Endothelial dysfunction and oxidative stress are associated with hypertension but whether endothelial superoxide plays a role in the early development of essential hypertension remains uncertain. In this study we investigated whether eNOS-derived endothelial oxidative stress is involved in the regulation of blood pressure (BP). Normal bovine eNOS (eNOS-Tg) or a novel dimer-destabilized eNOS-mutant harboring a partially disrupted zinc-finger (C101A-eNOS-Tg) was introduced in C57BL/6 mice using the endothelium-specific tie-2 promoter. Mice were monitored for aortic endothelium-dependent relaxation, systolic BP, levels of superoxide and several post-translational protein modifications indicating activity and/or increased vascular oxidative stress. Some groups of mice underwent voluntary exercise training or treatment with SOD mimetic Tempol (1mM). C101A-eNOS-Tg (aorta, skeletal muscle, left ventricular myocardium and lung) showed significantly increased superoxide generation, protein- and eNOS-tyrosine-nitration, eNOS-S-glutathionylation, eNOS1176/79 phosphorylation and Thr172-AMP kinase (AMPKα) phosphorylation as compared to eNOS-Tg and wildtype (WT)-controls. The localization of eNOS-Tg was restricted to endothelium as evidenced by immunohistochemical staining for eNOS and an endothelial-specific marker CD31. Exercise training increased phosphorylation of eNOS and AMPKα in WT while these physiologic adaptations were absent in C101A-eNOS-Tg. Aortic endothelium-dependent relaxation was similar in all strains. In striking contrast, C101A-eNOS-Tg displayed normal BP despite higher levels of eNOS, while eNOS-Tg showed significant hypotension.

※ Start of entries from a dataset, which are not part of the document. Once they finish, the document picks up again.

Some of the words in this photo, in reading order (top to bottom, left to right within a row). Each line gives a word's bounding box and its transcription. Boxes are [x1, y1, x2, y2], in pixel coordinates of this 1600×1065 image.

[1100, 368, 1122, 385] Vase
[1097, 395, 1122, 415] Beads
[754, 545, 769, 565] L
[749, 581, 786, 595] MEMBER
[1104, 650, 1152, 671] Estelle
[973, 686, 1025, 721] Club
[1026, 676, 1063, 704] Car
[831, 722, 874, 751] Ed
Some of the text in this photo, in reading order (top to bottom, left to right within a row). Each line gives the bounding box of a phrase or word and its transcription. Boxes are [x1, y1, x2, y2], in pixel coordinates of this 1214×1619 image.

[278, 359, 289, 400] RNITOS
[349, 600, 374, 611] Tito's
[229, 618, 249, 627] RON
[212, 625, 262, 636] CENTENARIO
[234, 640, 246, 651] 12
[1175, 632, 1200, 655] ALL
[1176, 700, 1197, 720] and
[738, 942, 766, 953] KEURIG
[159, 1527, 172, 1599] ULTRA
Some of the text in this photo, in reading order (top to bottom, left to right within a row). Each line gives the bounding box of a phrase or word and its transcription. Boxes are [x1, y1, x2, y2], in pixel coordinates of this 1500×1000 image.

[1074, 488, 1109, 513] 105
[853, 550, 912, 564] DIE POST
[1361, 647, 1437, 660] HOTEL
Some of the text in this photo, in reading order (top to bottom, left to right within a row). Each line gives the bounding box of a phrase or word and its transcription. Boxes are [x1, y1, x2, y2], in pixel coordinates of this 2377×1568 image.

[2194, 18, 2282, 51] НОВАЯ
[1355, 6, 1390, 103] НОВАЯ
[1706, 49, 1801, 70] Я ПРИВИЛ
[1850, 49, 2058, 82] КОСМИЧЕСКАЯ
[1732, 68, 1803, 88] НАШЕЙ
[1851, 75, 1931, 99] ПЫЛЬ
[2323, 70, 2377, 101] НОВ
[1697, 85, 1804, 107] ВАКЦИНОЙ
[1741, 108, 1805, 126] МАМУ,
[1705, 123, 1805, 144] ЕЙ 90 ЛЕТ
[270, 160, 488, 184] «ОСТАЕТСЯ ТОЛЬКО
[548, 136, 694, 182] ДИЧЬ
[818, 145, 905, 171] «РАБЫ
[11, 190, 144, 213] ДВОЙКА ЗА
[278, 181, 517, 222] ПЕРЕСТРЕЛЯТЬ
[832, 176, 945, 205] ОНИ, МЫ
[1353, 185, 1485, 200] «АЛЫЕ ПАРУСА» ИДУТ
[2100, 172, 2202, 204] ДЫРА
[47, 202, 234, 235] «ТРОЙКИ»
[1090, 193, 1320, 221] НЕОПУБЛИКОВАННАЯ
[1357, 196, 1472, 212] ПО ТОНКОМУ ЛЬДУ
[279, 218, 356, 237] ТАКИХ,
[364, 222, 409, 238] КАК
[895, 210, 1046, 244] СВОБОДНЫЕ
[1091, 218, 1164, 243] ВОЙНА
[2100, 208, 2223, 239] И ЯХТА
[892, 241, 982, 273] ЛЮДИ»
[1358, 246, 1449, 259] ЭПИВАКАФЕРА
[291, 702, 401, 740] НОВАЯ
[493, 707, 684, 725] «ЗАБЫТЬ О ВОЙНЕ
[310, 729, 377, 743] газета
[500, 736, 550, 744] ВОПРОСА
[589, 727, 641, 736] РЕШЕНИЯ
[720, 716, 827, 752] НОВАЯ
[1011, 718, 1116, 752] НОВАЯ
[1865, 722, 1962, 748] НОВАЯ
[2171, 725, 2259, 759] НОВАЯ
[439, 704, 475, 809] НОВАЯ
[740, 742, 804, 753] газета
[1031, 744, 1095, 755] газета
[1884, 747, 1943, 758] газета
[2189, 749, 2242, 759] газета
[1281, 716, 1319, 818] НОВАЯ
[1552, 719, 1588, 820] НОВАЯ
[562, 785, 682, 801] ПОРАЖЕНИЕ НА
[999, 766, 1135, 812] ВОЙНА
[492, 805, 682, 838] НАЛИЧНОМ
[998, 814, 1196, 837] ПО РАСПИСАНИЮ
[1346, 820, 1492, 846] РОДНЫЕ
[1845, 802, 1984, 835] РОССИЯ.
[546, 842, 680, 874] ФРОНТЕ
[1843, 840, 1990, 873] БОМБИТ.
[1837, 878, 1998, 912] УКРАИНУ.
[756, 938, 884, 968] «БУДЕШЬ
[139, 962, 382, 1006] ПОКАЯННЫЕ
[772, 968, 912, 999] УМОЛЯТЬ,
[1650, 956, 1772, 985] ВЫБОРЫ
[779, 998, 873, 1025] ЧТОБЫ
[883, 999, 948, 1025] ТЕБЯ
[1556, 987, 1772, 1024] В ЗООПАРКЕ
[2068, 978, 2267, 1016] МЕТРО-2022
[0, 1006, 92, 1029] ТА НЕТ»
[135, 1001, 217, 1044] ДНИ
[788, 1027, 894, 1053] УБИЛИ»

Tempol completely reversed the occurring protein modifications and significantly reduced BP in C101A-eNOS-Tg but not in WT. We observed that oxidative stress generated by endothelial-specific expression of genetically destabilized C101A- eNOS selectively prevents BP reducing activity of vascular eNOS, while having no effect on aortic endothelial dependent relaxation. Our data suggest that oxidative stress generated by eNOS dimer destabilization contributes to the regulation of blood pressure.